'''

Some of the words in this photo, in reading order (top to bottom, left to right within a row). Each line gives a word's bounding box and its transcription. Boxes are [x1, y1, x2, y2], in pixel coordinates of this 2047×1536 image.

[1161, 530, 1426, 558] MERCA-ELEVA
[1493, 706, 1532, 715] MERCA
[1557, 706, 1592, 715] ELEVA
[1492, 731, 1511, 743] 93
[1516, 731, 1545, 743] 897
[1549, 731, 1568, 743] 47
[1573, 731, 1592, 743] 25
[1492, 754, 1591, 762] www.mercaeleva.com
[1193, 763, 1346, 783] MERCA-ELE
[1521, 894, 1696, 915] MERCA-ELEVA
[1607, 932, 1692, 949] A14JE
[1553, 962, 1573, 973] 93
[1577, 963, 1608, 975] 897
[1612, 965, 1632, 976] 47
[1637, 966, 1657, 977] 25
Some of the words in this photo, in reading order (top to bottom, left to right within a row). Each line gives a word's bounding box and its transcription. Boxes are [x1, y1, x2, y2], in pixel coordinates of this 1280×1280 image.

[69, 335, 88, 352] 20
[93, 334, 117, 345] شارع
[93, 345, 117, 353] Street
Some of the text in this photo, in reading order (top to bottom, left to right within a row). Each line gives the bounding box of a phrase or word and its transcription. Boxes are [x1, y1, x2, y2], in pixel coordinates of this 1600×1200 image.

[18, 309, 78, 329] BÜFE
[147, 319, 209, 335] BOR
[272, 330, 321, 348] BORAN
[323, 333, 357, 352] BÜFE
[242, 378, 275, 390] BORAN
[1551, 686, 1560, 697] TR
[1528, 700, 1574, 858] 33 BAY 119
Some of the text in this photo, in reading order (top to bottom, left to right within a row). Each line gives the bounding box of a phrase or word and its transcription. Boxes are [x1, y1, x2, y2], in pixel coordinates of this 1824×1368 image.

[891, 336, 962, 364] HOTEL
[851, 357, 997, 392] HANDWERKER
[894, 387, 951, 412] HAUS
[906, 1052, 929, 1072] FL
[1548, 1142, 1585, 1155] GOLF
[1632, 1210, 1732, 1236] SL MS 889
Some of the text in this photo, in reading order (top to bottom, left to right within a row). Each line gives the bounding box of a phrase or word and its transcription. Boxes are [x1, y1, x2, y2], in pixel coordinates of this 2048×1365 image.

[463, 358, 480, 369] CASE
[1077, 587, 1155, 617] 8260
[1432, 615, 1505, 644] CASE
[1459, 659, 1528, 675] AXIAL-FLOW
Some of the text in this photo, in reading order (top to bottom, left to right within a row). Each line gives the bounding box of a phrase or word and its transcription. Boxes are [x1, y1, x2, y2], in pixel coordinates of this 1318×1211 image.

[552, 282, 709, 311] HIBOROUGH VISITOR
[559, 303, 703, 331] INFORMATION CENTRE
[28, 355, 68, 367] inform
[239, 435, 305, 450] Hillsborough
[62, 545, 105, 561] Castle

'''

» Exercise description
Please repeat the whole listing above, keeping every line exactly as it reads.

» Expected answer
Some of the words in this photo, in reading order (top to bottom, left to right within a row). Each line gives a word's bounding box and its transcription. Boxes are [x1, y1, x2, y2], in pixel coordinates of this 2047×1536 image.

[1161, 530, 1426, 558] MERCA-ELEVA
[1493, 706, 1532, 715] MERCA
[1557, 706, 1592, 715] ELEVA
[1492, 731, 1511, 743] 93
[1516, 731, 1545, 743] 897
[1549, 731, 1568, 743] 47
[1573, 731, 1592, 743] 25
[1492, 754, 1591, 762] www.mercaeleva.com
[1193, 763, 1346, 783] MERCA-ELE
[1521, 894, 1696, 915] MERCA-ELEVA
[1607, 932, 1692, 949] A14JE
[1553, 962, 1573, 973] 93
[1577, 963, 1608, 975] 897
[1612, 965, 1632, 976] 47
[1637, 966, 1657, 977] 25
Some of the words in this photo, in reading order (top to bottom, left to right within a row). Each line gives a word's bounding box and its transcription. Boxes are [x1, y1, x2, y2], in pixel coordinates of this 1280×1280 image.

[69, 335, 88, 352] 20
[93, 334, 117, 345] شارع
[93, 345, 117, 353] Street
Some of the text in this photo, in reading order (top to bottom, left to right within a row). Each line gives the bounding box of a phrase or word and its transcription. Boxes are [x1, y1, x2, y2], in pixel coordinates of this 1600×1200 image.

[18, 309, 78, 329] BÜFE
[147, 319, 209, 335] BOR
[272, 330, 321, 348] BORAN
[323, 333, 357, 352] BÜFE
[242, 378, 275, 390] BORAN
[1551, 686, 1560, 697] TR
[1528, 700, 1574, 858] 33 BAY 119
Some of the text in this photo, in reading order (top to bottom, left to right within a row). Each line gives the bounding box of a phrase or word and its transcription. Boxes are [x1, y1, x2, y2], in pixel coordinates of this 1824×1368 image.

[891, 336, 962, 364] HOTEL
[851, 357, 997, 392] HANDWERKER
[894, 387, 951, 412] HAUS
[906, 1052, 929, 1072] FL
[1548, 1142, 1585, 1155] GOLF
[1632, 1210, 1732, 1236] SL MS 889
Some of the text in this photo, in reading order (top to bottom, left to right within a row). Each line gives the bounding box of a phrase or word and its transcription. Boxes are [x1, y1, x2, y2], in pixel coordinates of this 2048×1365 image.

[463, 358, 480, 369] CASE
[1077, 587, 1155, 617] 8260
[1432, 615, 1505, 644] CASE
[1459, 659, 1528, 675] AXIAL-FLOW
Some of the text in this photo, in reading order (top to bottom, left to right within a row). Each line gives the bounding box of a phrase or word and its transcription. Boxes are [x1, y1, x2, y2], in pixel coordinates of this 1318×1211 image.

[552, 282, 709, 311] HIBOROUGH VISITOR
[559, 303, 703, 331] INFORMATION CENTRE
[28, 355, 68, 367] inform
[239, 435, 305, 450] Hillsborough
[62, 545, 105, 561] Castle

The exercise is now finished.